Now that the interns have mostly gone back to school, it's a good time to look back at what they did while they were here. We had a bumper crop -- more than 30 dev interns between our London, New York and Hong Kong offices -- and they worked on just about every corner of our code-base.
In this post, I wanted to talk about just one of those areas: building efficient, browser-based user interfaces.
Really, that's kind of a weird topic for us. Jane Street is not a web company, and is not by nature a place that spends a lot of time on pretty user interfaces. The software we build is for our own consumption, so the kind of spit and polish you see in consumer oriented UIs are just not that interesting here.
But we do care about having functional, usable user interfaces. The work we do is very data driven, and that rewards having UIs that are good at presenting up-to-date data clearly and concisely. And we want to achieve that while keeping complexity of developing these UIs low.
Historically, almost all of our UIs have been text-based. While I love the command line, it does impose some limitations. For one thing, terminals don't offer any (decent) graphical capabilities. But beyond that obvious constraint, getting all the pieces you need for a decent UI to work well in a terminal, from scrolling to text-entry widgets, requires a lot of work that just isn't necessary in a browser.
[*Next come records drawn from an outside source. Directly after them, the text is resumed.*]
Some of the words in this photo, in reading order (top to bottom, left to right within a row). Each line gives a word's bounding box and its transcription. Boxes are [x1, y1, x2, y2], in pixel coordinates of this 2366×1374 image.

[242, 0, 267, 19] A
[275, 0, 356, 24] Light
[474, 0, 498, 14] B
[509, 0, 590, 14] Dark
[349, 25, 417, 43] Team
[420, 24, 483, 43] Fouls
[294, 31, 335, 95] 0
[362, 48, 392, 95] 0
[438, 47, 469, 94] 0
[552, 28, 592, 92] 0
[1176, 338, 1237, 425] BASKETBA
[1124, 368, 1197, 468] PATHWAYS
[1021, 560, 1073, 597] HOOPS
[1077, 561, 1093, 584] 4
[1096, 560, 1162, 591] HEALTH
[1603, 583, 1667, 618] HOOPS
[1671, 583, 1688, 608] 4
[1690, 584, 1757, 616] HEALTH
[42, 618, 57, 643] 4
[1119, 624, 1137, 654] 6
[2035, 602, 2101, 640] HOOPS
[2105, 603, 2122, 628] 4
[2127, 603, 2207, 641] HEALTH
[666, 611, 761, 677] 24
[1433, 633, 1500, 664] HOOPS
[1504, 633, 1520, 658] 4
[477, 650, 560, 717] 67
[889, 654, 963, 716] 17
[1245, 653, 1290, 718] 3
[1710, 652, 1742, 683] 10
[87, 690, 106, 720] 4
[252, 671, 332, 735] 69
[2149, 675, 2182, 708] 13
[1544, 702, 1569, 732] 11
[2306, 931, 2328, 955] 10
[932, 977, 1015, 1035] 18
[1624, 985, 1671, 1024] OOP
That's roughly where we were at the beginning of the summer: some good ideas about what designs to look at, and a few good foundational libraries. So the real story is what our interns, Aaron Zeng and Corwin de Boor, did to take us farther.
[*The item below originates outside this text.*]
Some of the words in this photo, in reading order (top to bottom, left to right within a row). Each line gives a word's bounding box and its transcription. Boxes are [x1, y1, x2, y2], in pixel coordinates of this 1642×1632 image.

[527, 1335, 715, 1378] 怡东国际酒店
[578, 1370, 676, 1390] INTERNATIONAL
Aaron Zeng's project was to take all of the ideas and libraries we'd been working on and put them to use in a real project. That project was web-tables, a new user-interface for an existing tool developed on our options desk, called the annotated signal publisher. This service provides a simple way for traders to publish and then view streams of interesting tabular data often based on analysis of our own trading or trading that we see in the markets.
The publisher fed its data to Catalog, our internal pub-sub system. From Catalog, the data could be viewed in Excel, or in our terminal-based Catalog browser. But neither of these approaches worked as well or as flexibly as we wanted.
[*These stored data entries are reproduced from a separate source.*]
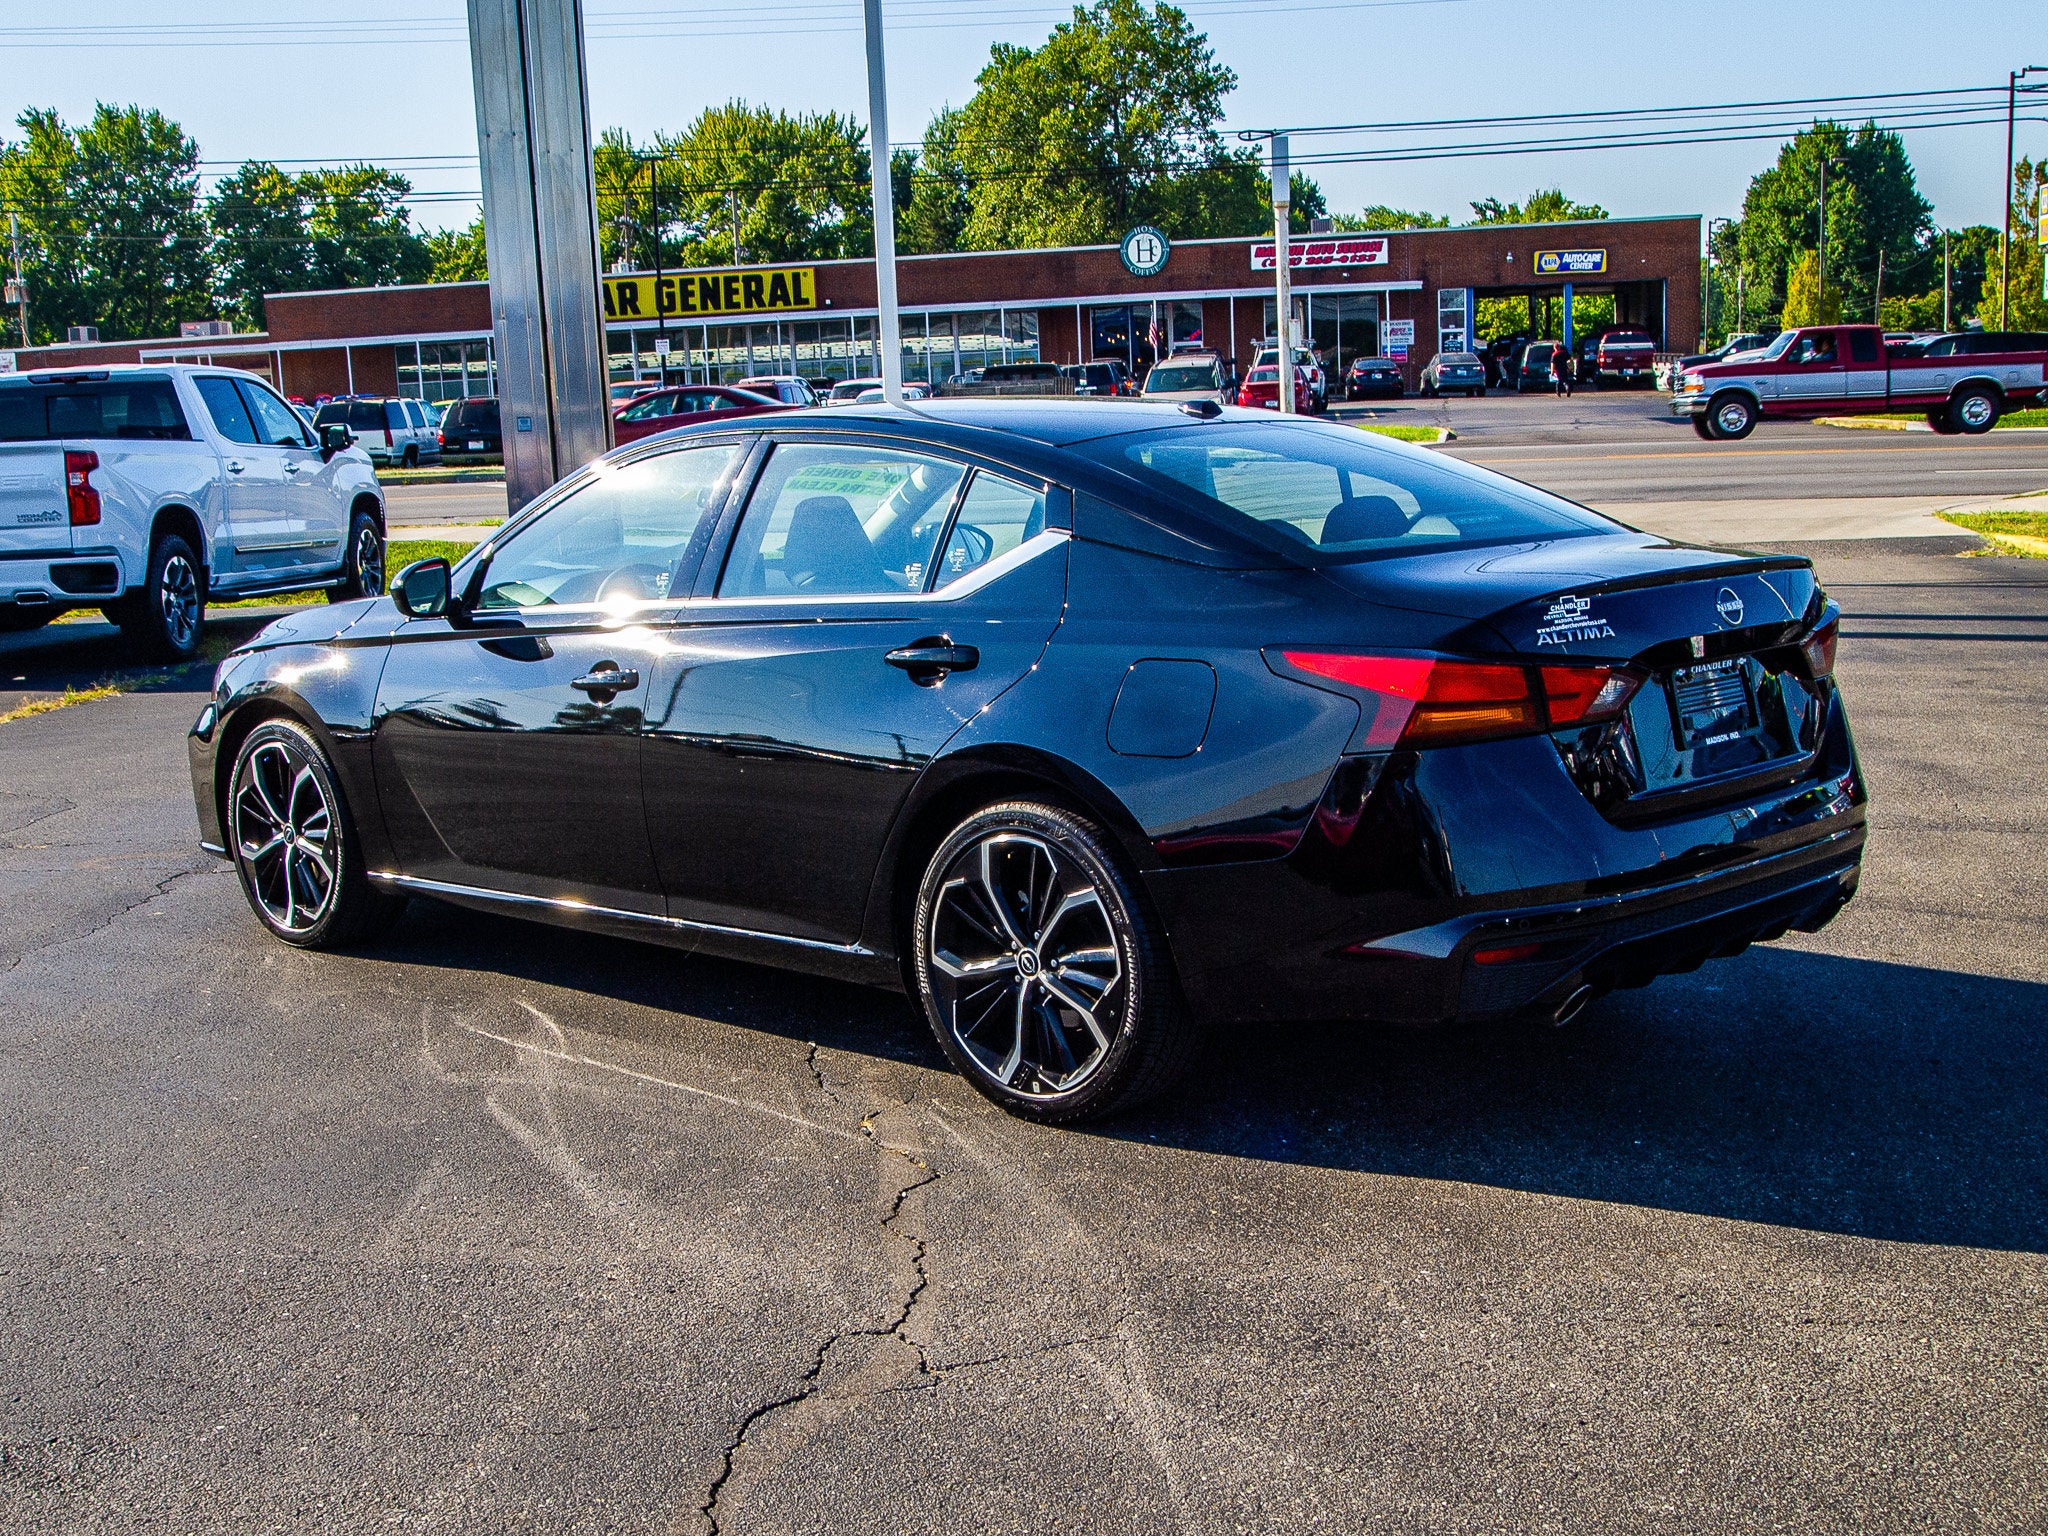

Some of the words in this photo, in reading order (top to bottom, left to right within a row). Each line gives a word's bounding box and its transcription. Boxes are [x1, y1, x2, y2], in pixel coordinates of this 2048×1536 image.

[1134, 225, 1154, 234] HOS
[1255, 245, 1305, 258] MAON
[1306, 243, 1336, 256] AUTO
[1336, 241, 1384, 254] SERVICE
[1550, 602, 1586, 612] CHANDLER
[1537, 626, 1616, 646] ALTIMA
[1691, 660, 1732, 673] CHANDLER
Enter web-tables. What we wanted was pretty simple: the ability to display tabular data from the annotated signal publisher with customizable formatting, filtering and sorting. This involved breaking a lot of new ground, from figuring out how do the sorting and filtering in an efficient and incremental way, to fixing performance issues with our RPC-over-websockets implementation, to figuring out a deployment and versioning story that let people easily create and deploy new views of their data.
One of the great things about the project is how quickly it was put into use. The options guys started using web-tables before the project was even really finished, and there was a tight feedback loop between Aaron and his mentor Matt Russell, who was using the tool on a daily basis.
Aaron's web-tables work used
incr_dom, a small framework that sets up the basic idioms for creating UIs using Incremental. As part of that work, we discovered some limitations of the library that made it hard to hit the performance goals we wanted to. Corwin de Boor's project was to fix those limitations.
The key to building an efficient UI for displaying a lot of data is figuring out what work you can avoid. To this end, Corwin wanted to build UIs that logically contained thousands or even millions of rows, while only actually materializing DOM nodes corresponding to the hundred or so rows that are actually in view.
In order to figure out which nodes to render, he had to first figure out which nodes would be visible, based on the location of the browser's viewport. This in turn required a way of looking up data-points based on where that data would be expected to render on the screen.
Corwin did this by building a data structure for storing the expected height of each object that could be rendered, while allowing one to query for a node based on the sum of the heights of all the nodes ahead of it. He did this by taking an existing splay tree library and rewriting it so it could be parameterized with a reduction function that would be used to aggregate extra information along the spine of the splay tree. By integrating the reduction into splay tree itself, the necessary data could be kept up to date efficiently as the splay tree was modified.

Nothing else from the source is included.